7b Honradlas -pues también ellas son coherederas de la gracia de la vida-, ...

Aquí se pone ante los ojos de los maridos el punto de vista jurídico: Vuestras mujeres serán en la eternidad coherederas de Cristo con igualdad de derechos (Rom 8,17). Ya en 1,4 se pintó con los más espléndidos colores la futura herencia «incorruptible, pura e inmarchitable»: la plenitud de vida de la persona corpórea y espiritual unida con Cristo en la comunidad de los santos. Allí no habrá ya estas diferencias de sexo tan acusadas que tenemos en la tierra. Serán «como ángeles en el cielo» (Mt 22,30). En aquel tiempo era una novedad inaudita esta asignación de una categoría particular a la mujer. En pocas y sencillas palabras se ve aquí expresada la doctrina apostólica sobre la relación entre los esposos definitivamente valedera.

c) Segunda motivación: Peligro de obstaculizar las oraciones (3,7c).

7c ... para que vuestras oraciones no encuentren impedimento.

ORA/IMPEDIMENTOS: Pedro se representa la oración como algo que debe recorrer su camino antes de llegar a Dios. En este camino se verán como impedidas las oraciones de los maridos -no se habla expresamente de oraciones en común-, si antes se incurre en inconsideraciones con las esposas. Nótese que no se trata sólo de oraciones de petición, en que sería de lo más comprensible el empeño en ser escuchados. Para Pedro es la oración, el trato del hombre con Dios, el quehacer más importante en la vida espiritual de los cristianos. En 4,7 se dirá que la sensatez y la sobriedad son la mejor preparación para la oración. Un cristiano que no es ya capaz de orar eficazmente, descuida su quehacer principal. Así comprendemos por qué la alusión a los impedimentos de las oraciones constituye el argumento final de la exhortación a los maridos. Todo el obrar exterior en la vida de cada día está orientado a la oración.

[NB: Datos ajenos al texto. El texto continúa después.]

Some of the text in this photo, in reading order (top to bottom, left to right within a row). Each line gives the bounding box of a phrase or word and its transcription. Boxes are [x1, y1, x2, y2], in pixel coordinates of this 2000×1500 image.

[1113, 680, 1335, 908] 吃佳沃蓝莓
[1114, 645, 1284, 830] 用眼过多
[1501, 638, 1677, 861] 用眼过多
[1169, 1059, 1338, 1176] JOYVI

Detalles de la vida cotidiana muy poco tomados en consideración como, por ejemplo, desatenciones o frialdades entre los miembros de la familia, no tardan en convertirse en obstáculos que ponen en crisis lo más importante de todo.

5. COMPENDIO DE LAS NORMAS DE CONDUCTA (3/08-12).

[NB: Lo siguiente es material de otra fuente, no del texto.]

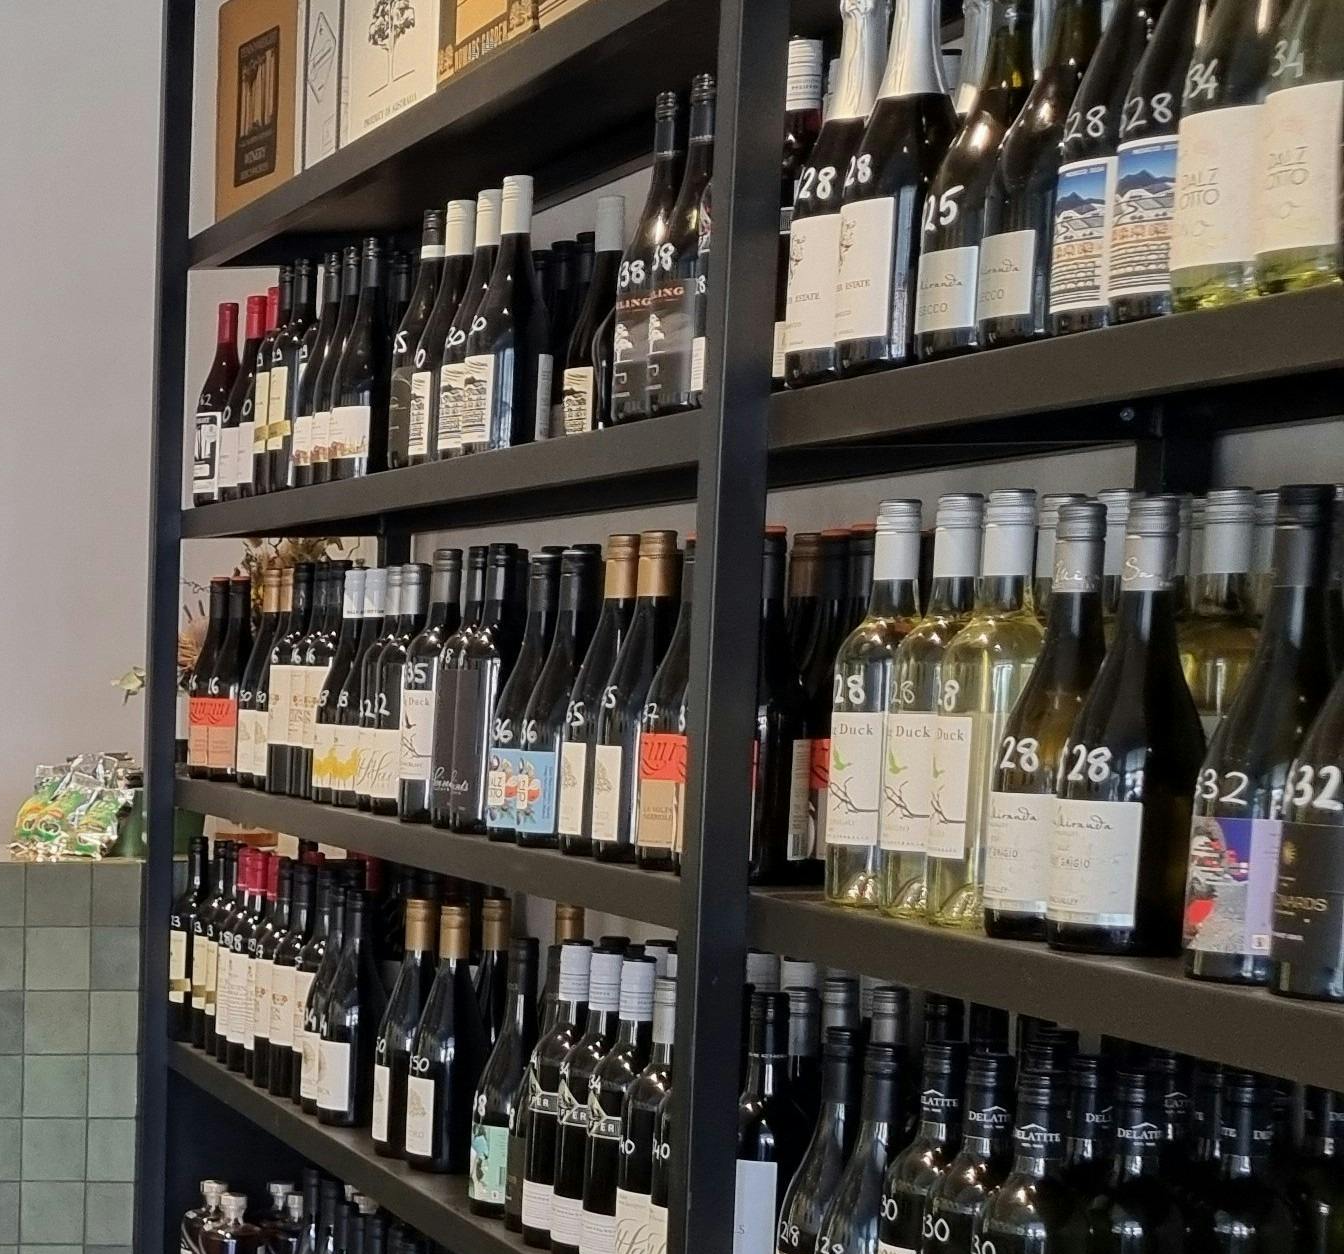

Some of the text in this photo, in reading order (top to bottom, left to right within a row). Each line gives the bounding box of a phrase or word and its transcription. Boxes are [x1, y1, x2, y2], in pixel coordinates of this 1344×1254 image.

[798, 166, 837, 200] 28
[834, 673, 865, 705] 28
[840, 723, 873, 736] Duck
[896, 725, 931, 738] Duck
[1000, 736, 1039, 773] 28
[1067, 743, 1112, 783] 28
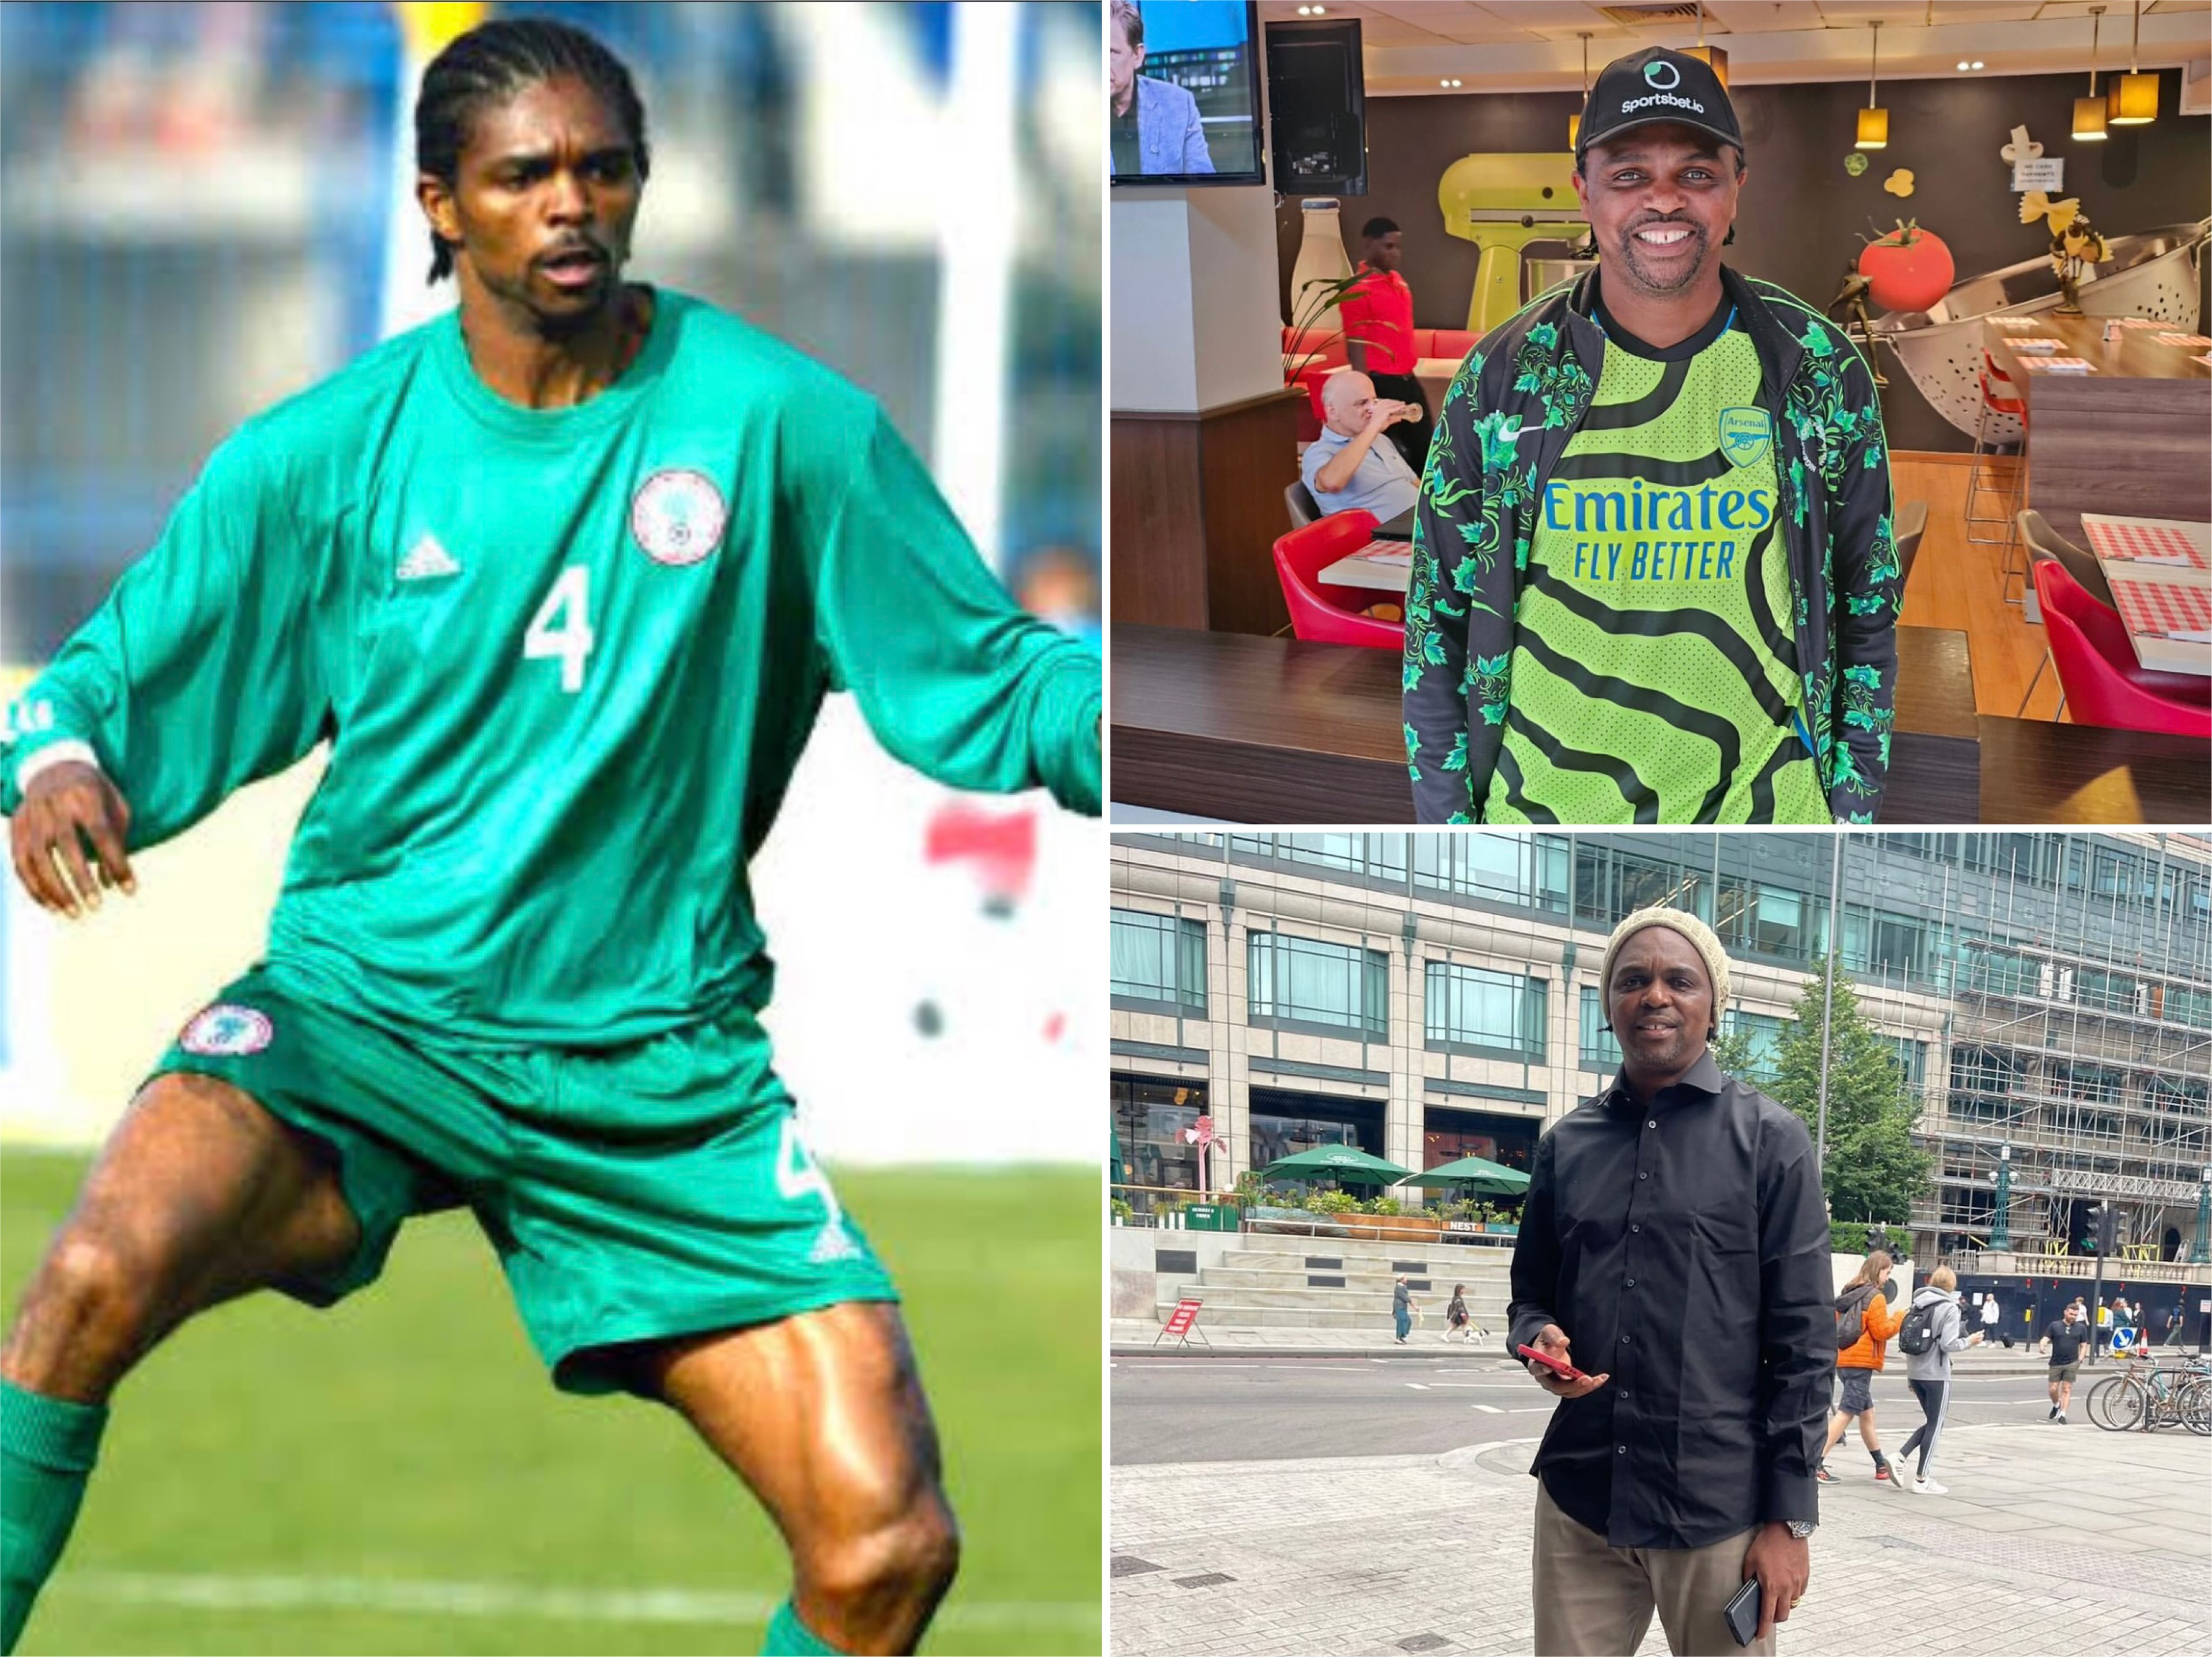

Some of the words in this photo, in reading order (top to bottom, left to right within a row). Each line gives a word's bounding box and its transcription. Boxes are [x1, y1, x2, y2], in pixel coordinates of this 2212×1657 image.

[1622, 93, 1705, 114] Sportsbet.io
[1728, 417, 1764, 428] Arsenal
[1545, 481, 1770, 531] Emirates
[1574, 543, 1622, 580] FLY
[1631, 541, 1736, 580] BETTER
[524, 563, 594, 693] 4
[777, 1117, 843, 1224] 4
[1450, 1221, 1477, 1231] NEST

8 En fin, sed todos unánimes, comprensivos, fraternales, misericordiosos y humildes.

MORAL/NIETZSCHE: Maravilloso compendio de todas las cualidades espirituales y éticas que ha de poseer un cristiano como miembro que es de la Iglesia, como piedra de construcción (2,5) que se adapta a la estructura y la sostiene. Todas estas virtudes están ordenadas a la comunidad, sin reducirse, sin embargo, a puros motivos naturales, como sucede hoy con tanta frecuencia. Tener una actitud de servicio es una cosa que sólo se comprende por razón de la fe en Cristo 43. En efecto, en el mundo de entonces -y en gran manera también en el nuestro- la humildad, tener un bajo concepto de sí mismo se consideraba como debilidad. Todavía tenemos en los oídos la fórmula de la «moral de esclavos del cristianismo» (·Nietzsche-F). Parece que lo único que vale es lo fuerte, lo noble, lo vital. Aquí, en cambio, se da una verdadera inversión de los valores si somos «unánimes, comprensivos, fraternales, misericordiosos y humildes».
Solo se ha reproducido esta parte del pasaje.